Much of South Asia and Southeast Asia is highly exposed to El Niño and La Niña events. Both phenomena are becoming more severe. The current La Niña is intensifying, causing record flooding in places that are still recovering from the extreme heat, drought and food security shocks from last year’s El Niño and the devastating 2032 crisis. It is unlikely that humanitarian aid from outside the region will be available, as another crisis has already occurred. Atmospheric blockingEvent related to the disrupted jet stream has emerged. It’s causing record-setting extreme heat and fires across North America and much of Europe. The same Blocking event is simultaneously affecting the South Asian subtropical monsoon, triggering extreme flooding in parts of the subregion that might otherwise have escaped La Niña–driven inundation.
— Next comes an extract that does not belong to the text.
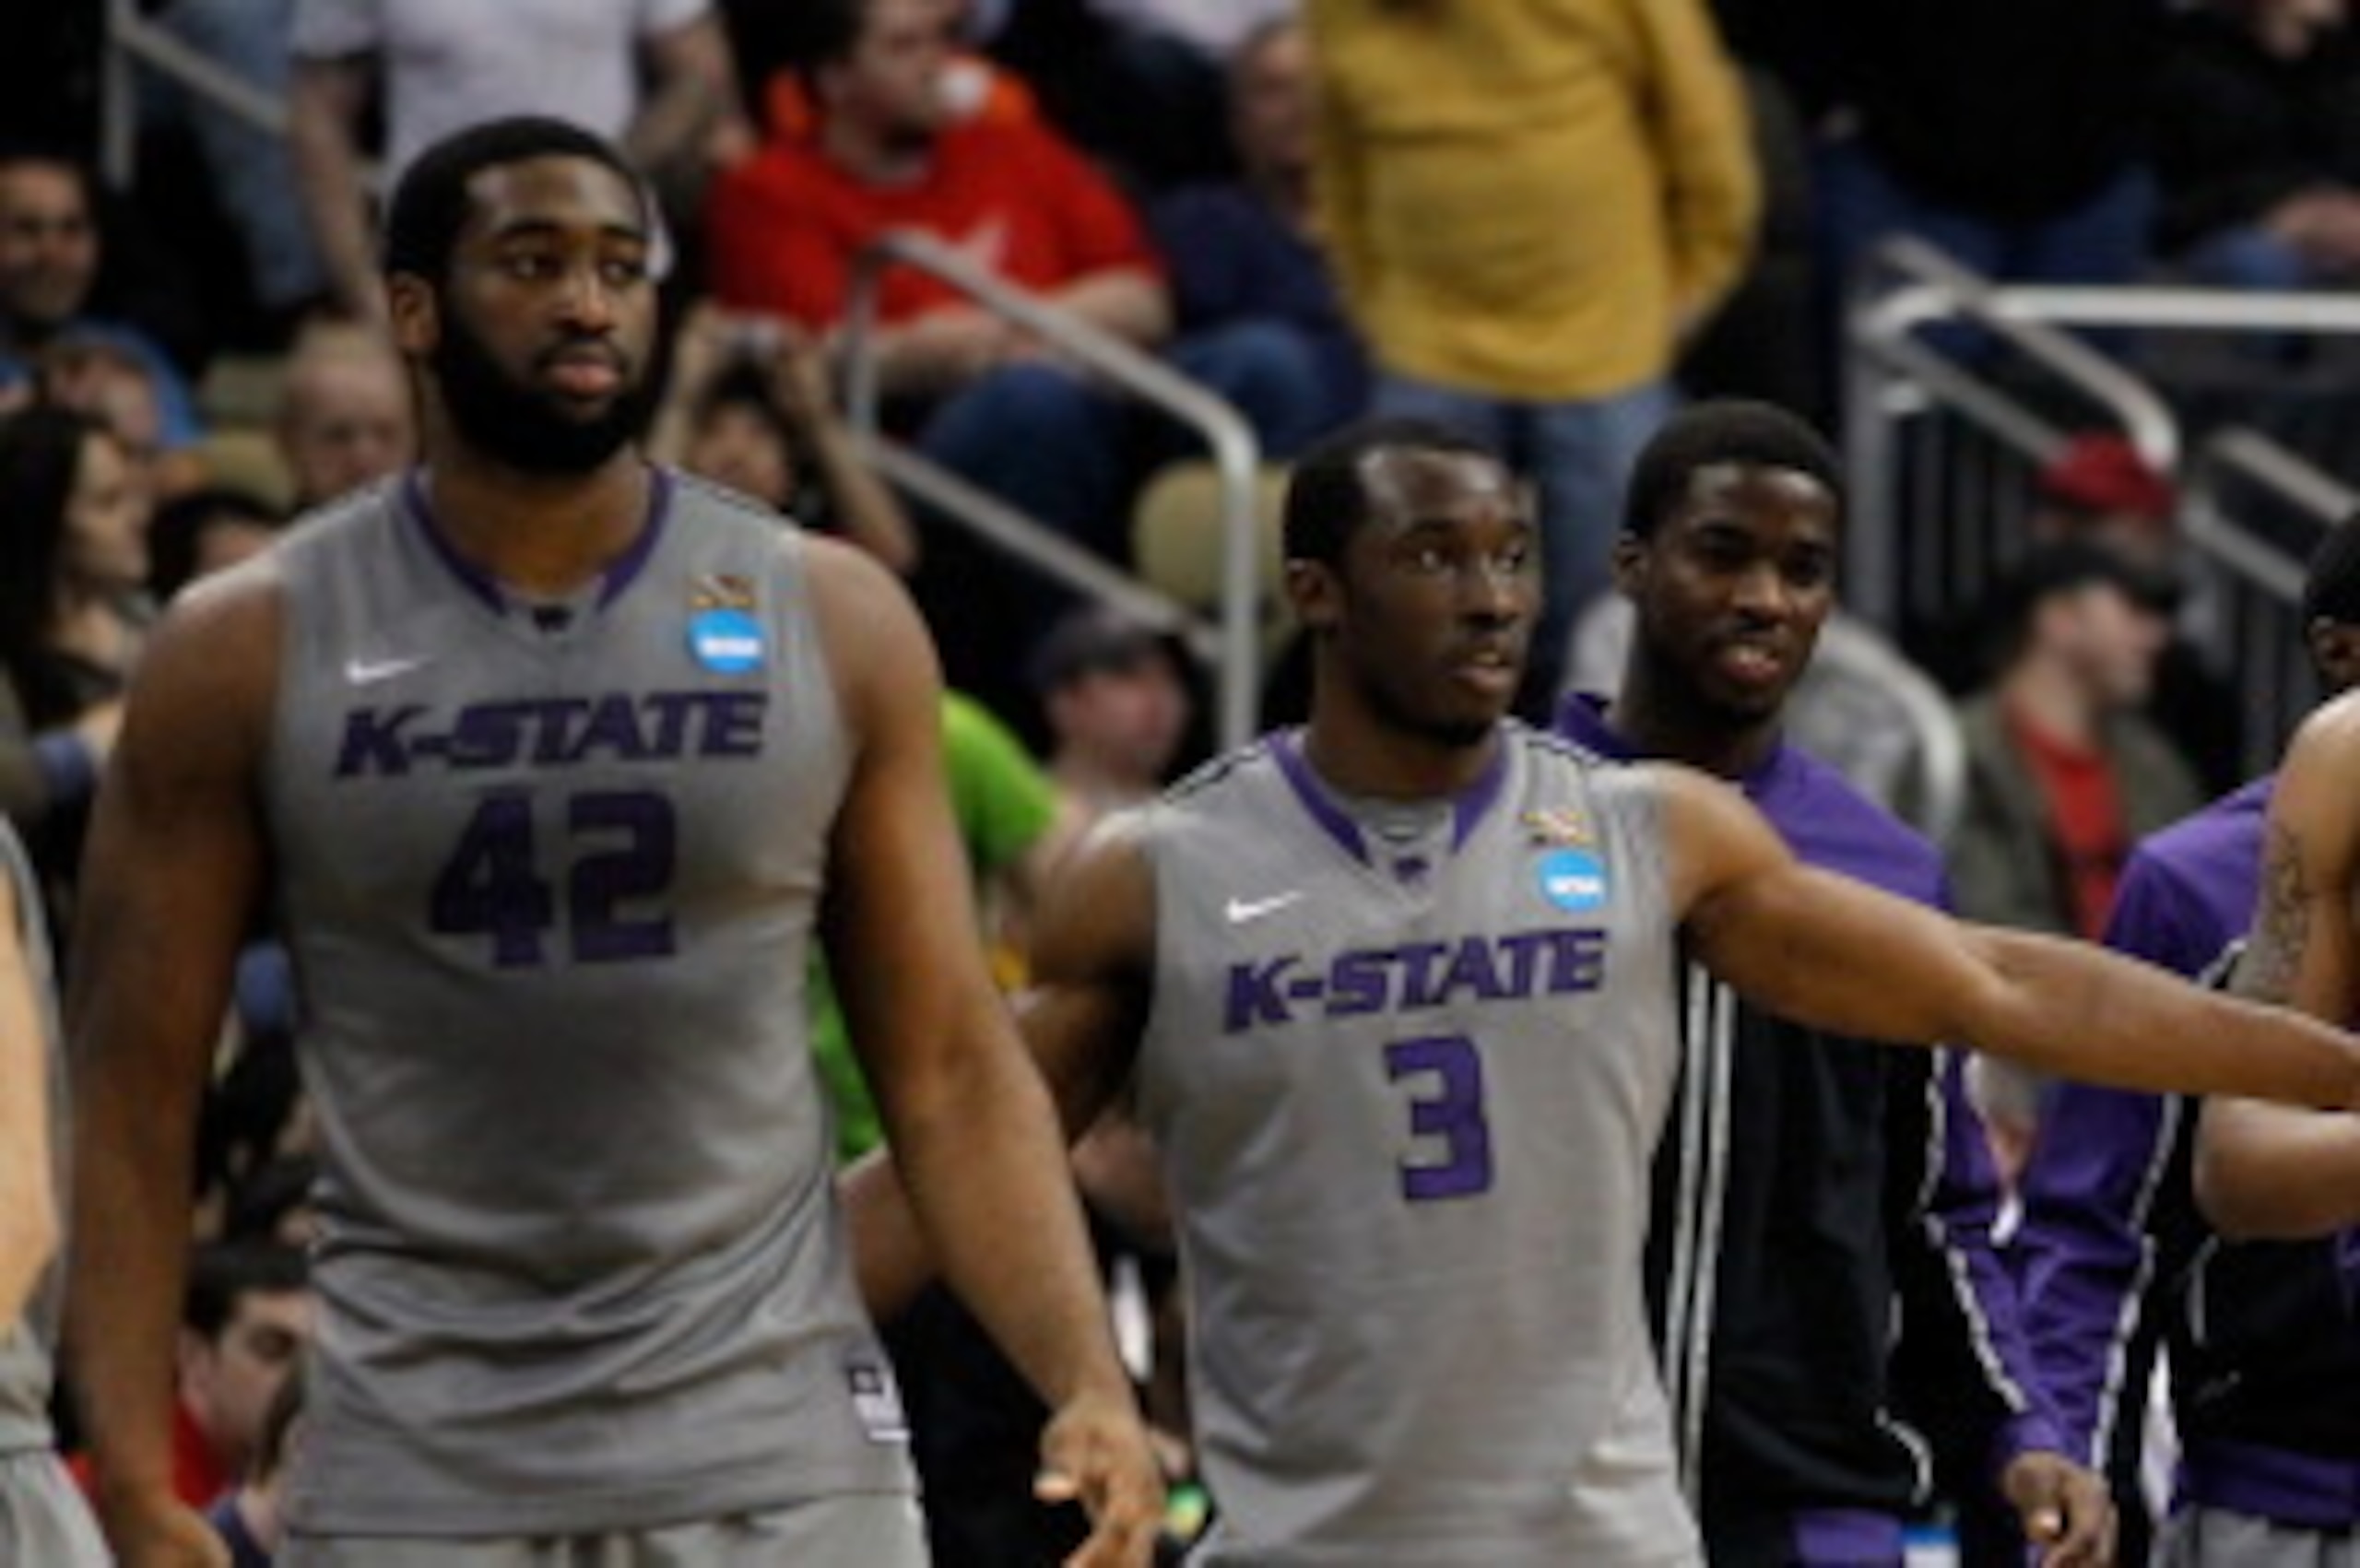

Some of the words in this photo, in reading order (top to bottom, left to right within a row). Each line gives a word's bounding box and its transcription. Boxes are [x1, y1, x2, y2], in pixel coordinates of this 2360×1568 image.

[334, 691, 768, 776] K-STATE
[431, 789, 678, 967] 42
[1223, 929, 1607, 1033] K-STATE
[1384, 1035, 1493, 1200] 3
ASEAN, Pacific Islands Forum, and the multilateral developmental banks have increased their efforts over two decades to meet the diverse economic, political, security, and humanitarian challenges posed by the warming environment. In the Pacific, for example, they’ve been instrumental in building climate resilience and relocating island communities displaced by the rising sea and stronger cyclones. Their efforts are often overwhelmed by the magnitude of climate hazards and their cumulative impacts.
The latest scientific assessment by the Intergovernmental Panel on Climate Change suggests that the rapid transition to renewables and recent more ambitious political action are likely to keep warming below 2.5°C, thereby diminishing the risk of crossing additional dangerous climate thresholds.